The first request that loaded in 85ms is the HTML page, followed by CSS and JavaScript files. It’s worth noting that the first request is always the HTML page, unless the URL you are testing contains a redirect.
Website’s that load a high volume of on-page requests can significantly impact the user experience by affecting two key elements:

  • Slower page load speeds
  • Computers can often crash when a website has in excess of 300 requests per page

Therefore, it is important that we always try and keep on-page requests to a minimal, ideally no more than 100 requests.

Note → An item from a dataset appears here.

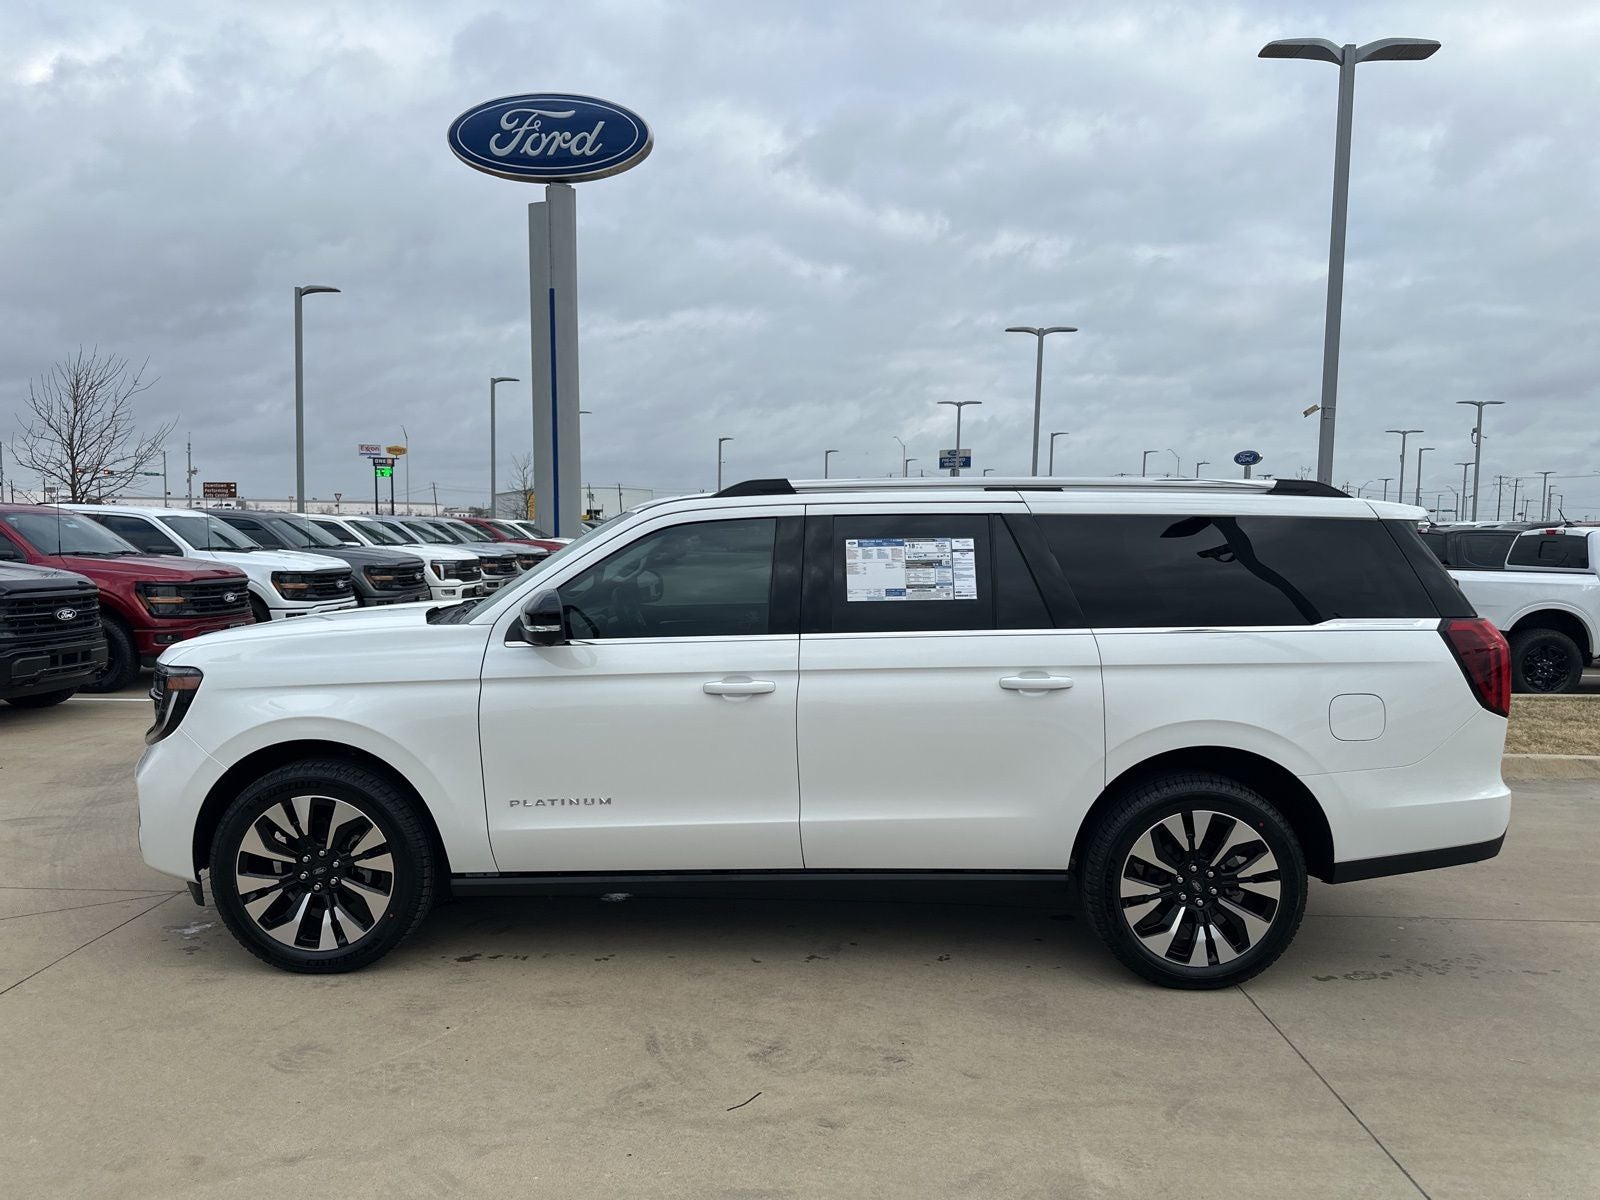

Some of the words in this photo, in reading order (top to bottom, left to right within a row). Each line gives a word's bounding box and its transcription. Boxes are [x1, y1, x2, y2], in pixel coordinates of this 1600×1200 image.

Furthermore, we should always avoid loading requests from too many different external domain names. This can add extra network latencies, such as:

  • DNS lookups
  • SSL negotiation
  • Connection
  • Unreliable third-party servers

DNS lookup and initial connection is generally only done once. All other requests are not required to go through this process again.

That said, loading requests from multiple external domains names will result in the process being repeated multiple times.

Due to the reasons above, we should always try and keep all requests/dependencies hosted within our internal domain name, preferably via a cookie-less subdomain such as static.example.com. We have often seen over 100 requests being loaded from 50+ external domains that can add over 10 seconds of page load time on your website!